IT Services

Two-Step Authentication

Two-Step Verification is now available for PennKey users! All PennDesign staff and faculty are required to opt in.

NOTE: Beginning February 14th of 2019, all students will be required to opt in for Two-Step authentication. 

If you have additional questions, please contact PennDesign ITS via ithelp@design.upenn.edu.

Enrolling in Two-Step

You can sign up for Two-Step via this portal. You can also visit the Two-Step Verification FAQ page to learn more about the available Two-Step methods.

Once you're enrolled with Two-Step authentication, all PennKey-protected forms and/or services will require you to verify your identity with Two-Step authentication.

You can avoid multiple Two-Step prompts by "trusting" the web browser on the device you're using, which secures that device and browser as "trusted." This will nullify Two-Step prompts on that device/browser for 30 days.

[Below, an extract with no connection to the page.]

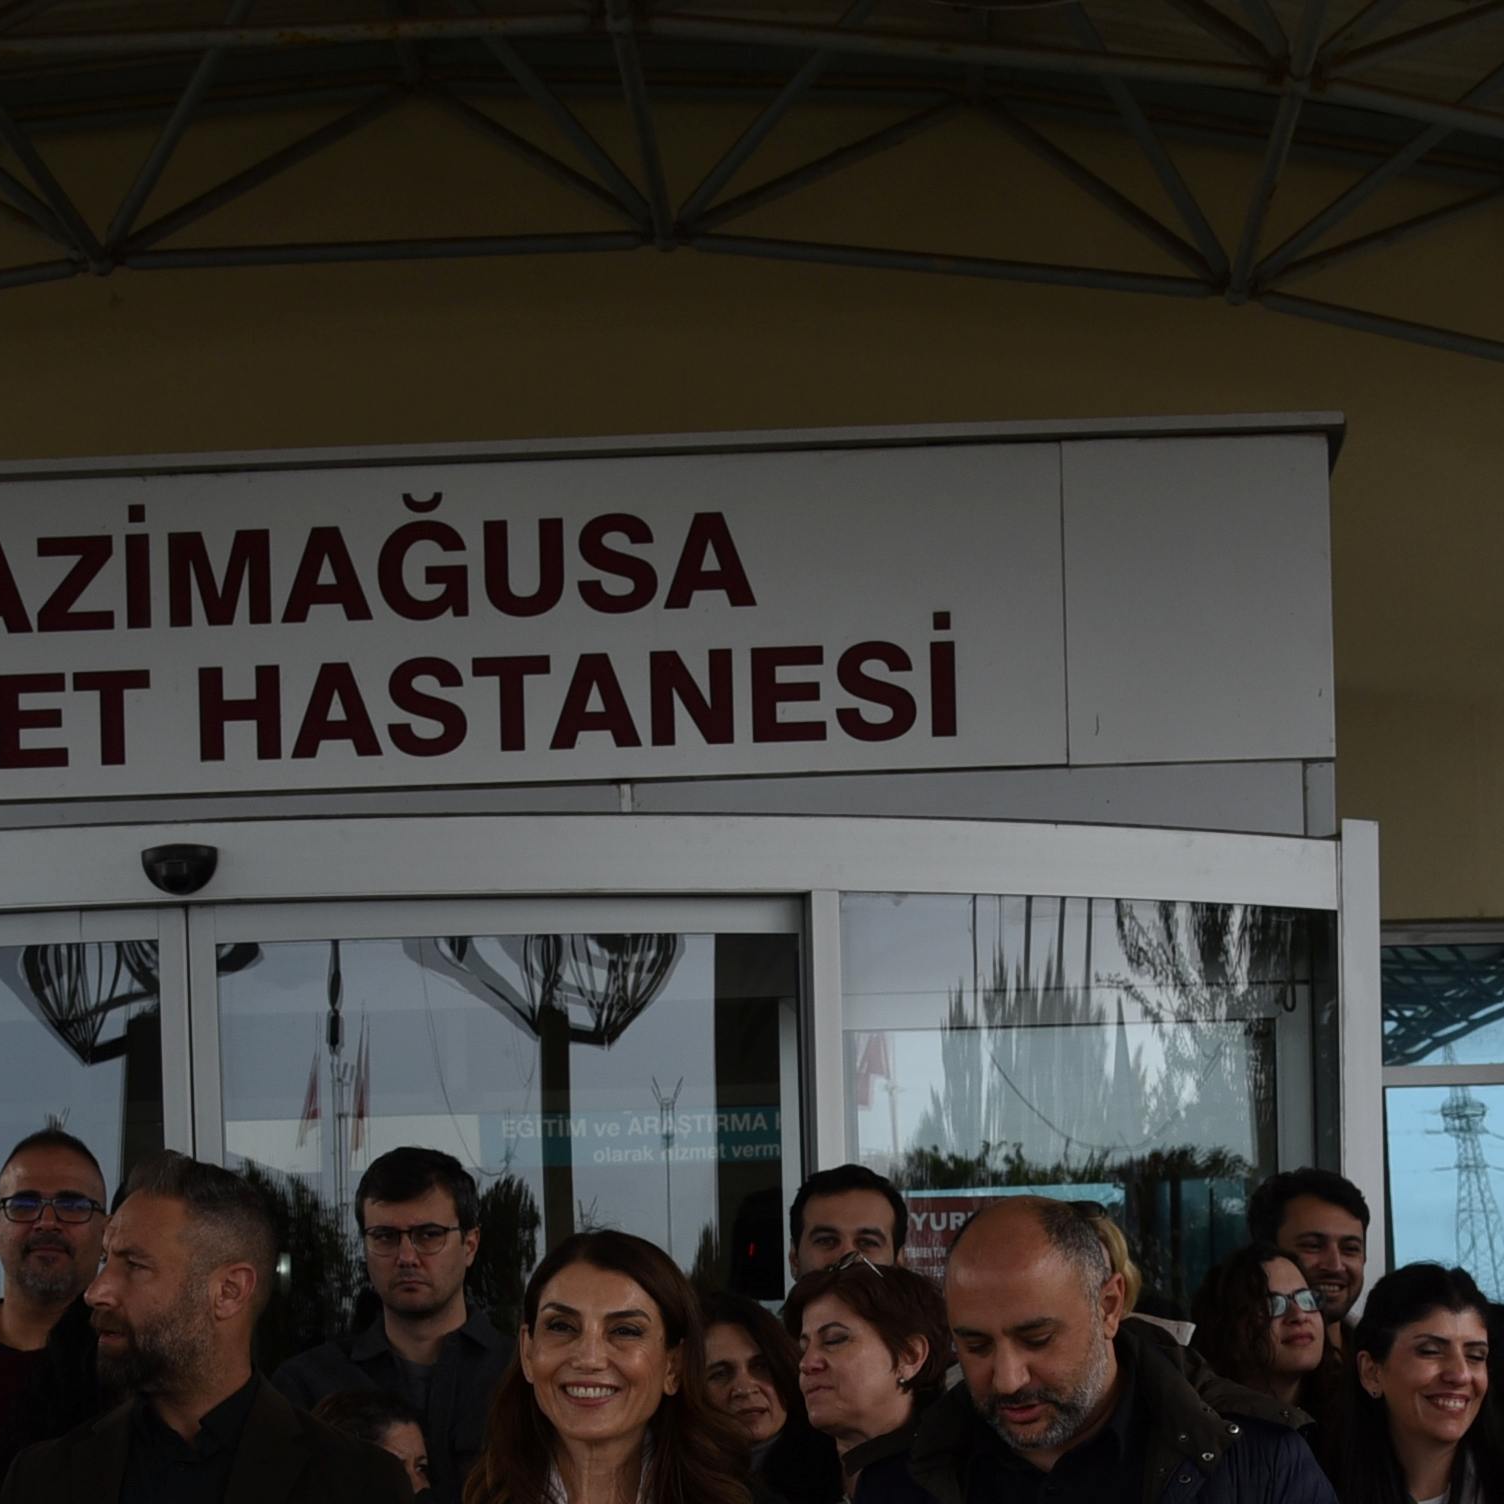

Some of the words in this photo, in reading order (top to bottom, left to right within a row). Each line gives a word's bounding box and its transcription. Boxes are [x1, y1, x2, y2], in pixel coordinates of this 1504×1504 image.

Methods of Two-Step Authentication

There are a multitude of ways to authenticate with Two-Step. They include:

  • Duo Mobile Smartphone App (Preferred Method)
  • Text or Phone Call
  • Generate List of 20 Authentication Codes
  • Keychain FOB (these are sold by the Penn Computer Connection)

Technical Issues

Common issues with setting up Two-Step authentication may include the following:

  • New phone
    • Refer end user to the Two-Step Manage Settings page to register new device (This will require generating a Two-Step code by recovery options tied to your Two-Step account).
  • Authenticator code not being accepted
    • App: ensure device is using Network time server
    • Fob: A token can get "out of sync" if the button is pressed too many times in a row and the generated passcodes aren't used for login. In some cases, this can happen by accident if the token is stored next to other objects in a pocket, backpack, etc. Generate three passcodes in a row to attempt to resynchronize the token.